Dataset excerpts
§ §
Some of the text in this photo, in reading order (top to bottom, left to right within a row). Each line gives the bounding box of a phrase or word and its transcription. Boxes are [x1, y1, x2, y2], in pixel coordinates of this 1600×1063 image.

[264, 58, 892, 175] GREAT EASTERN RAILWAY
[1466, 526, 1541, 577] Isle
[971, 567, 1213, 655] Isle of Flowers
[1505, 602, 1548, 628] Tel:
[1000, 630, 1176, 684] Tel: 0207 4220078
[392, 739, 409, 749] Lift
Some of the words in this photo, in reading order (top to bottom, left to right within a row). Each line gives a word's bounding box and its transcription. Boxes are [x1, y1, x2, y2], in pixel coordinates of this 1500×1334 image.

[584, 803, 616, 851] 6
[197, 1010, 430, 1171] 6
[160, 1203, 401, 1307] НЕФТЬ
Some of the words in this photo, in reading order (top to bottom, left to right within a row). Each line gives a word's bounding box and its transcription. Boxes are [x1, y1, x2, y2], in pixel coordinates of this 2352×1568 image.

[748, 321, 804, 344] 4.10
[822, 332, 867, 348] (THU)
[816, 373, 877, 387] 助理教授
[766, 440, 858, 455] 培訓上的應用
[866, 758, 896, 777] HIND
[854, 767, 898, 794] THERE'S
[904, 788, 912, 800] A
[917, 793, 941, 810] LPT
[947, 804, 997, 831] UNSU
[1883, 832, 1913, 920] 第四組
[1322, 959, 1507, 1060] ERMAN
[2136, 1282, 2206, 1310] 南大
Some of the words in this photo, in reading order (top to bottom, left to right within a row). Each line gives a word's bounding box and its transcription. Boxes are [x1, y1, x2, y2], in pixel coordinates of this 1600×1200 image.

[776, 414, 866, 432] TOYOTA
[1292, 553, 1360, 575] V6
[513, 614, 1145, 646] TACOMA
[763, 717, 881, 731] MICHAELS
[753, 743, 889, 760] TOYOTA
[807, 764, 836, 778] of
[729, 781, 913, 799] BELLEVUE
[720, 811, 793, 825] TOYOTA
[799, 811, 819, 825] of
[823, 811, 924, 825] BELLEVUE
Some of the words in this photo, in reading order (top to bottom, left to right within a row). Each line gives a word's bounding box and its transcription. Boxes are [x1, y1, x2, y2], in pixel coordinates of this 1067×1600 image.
§ §
**ASSIGNMENT:** Copy every line of the records above exactly.

**ANSWER TO THIS PROBLEM:**
Some of the text in this photo, in reading order (top to bottom, left to right within a row). Each line gives the bounding box of a phrase or word and its transcription. Boxes are [x1, y1, x2, y2], in pixel coordinates of this 1600×1063 image.

[264, 58, 892, 175] GREAT EASTERN RAILWAY
[1466, 526, 1541, 577] Isle
[971, 567, 1213, 655] Isle of Flowers
[1505, 602, 1548, 628] Tel:
[1000, 630, 1176, 684] Tel: 0207 4220078
[392, 739, 409, 749] Lift
Some of the words in this photo, in reading order (top to bottom, left to right within a row). Each line gives a word's bounding box and its transcription. Boxes are [x1, y1, x2, y2], in pixel coordinates of this 1500×1334 image.

[584, 803, 616, 851] 6
[197, 1010, 430, 1171] 6
[160, 1203, 401, 1307] НЕФТЬ
Some of the words in this photo, in reading order (top to bottom, left to right within a row). Each line gives a word's bounding box and its transcription. Boxes are [x1, y1, x2, y2], in pixel coordinates of this 2352×1568 image.

[748, 321, 804, 344] 4.10
[822, 332, 867, 348] (THU)
[816, 373, 877, 387] 助理教授
[766, 440, 858, 455] 培訓上的應用
[866, 758, 896, 777] HIND
[854, 767, 898, 794] THERE'S
[904, 788, 912, 800] A
[917, 793, 941, 810] LPT
[947, 804, 997, 831] UNSU
[1883, 832, 1913, 920] 第四組
[1322, 959, 1507, 1060] ERMAN
[2136, 1282, 2206, 1310] 南大
Some of the words in this photo, in reading order (top to bottom, left to right within a row). Each line gives a word's bounding box and its transcription. Boxes are [x1, y1, x2, y2], in pixel coordinates of this 1600×1200 image.

[776, 414, 866, 432] TOYOTA
[1292, 553, 1360, 575] V6
[513, 614, 1145, 646] TACOMA
[763, 717, 881, 731] MICHAELS
[753, 743, 889, 760] TOYOTA
[807, 764, 836, 778] of
[729, 781, 913, 799] BELLEVUE
[720, 811, 793, 825] TOYOTA
[799, 811, 819, 825] of
[823, 811, 924, 825] BELLEVUE
Some of the words in this photo, in reading order (top to bottom, left to right within a row). Each line gives a word's bounding box and its transcription. Boxes are [x1, y1, x2, y2], in pixel coordinates of this 1067×1600 image.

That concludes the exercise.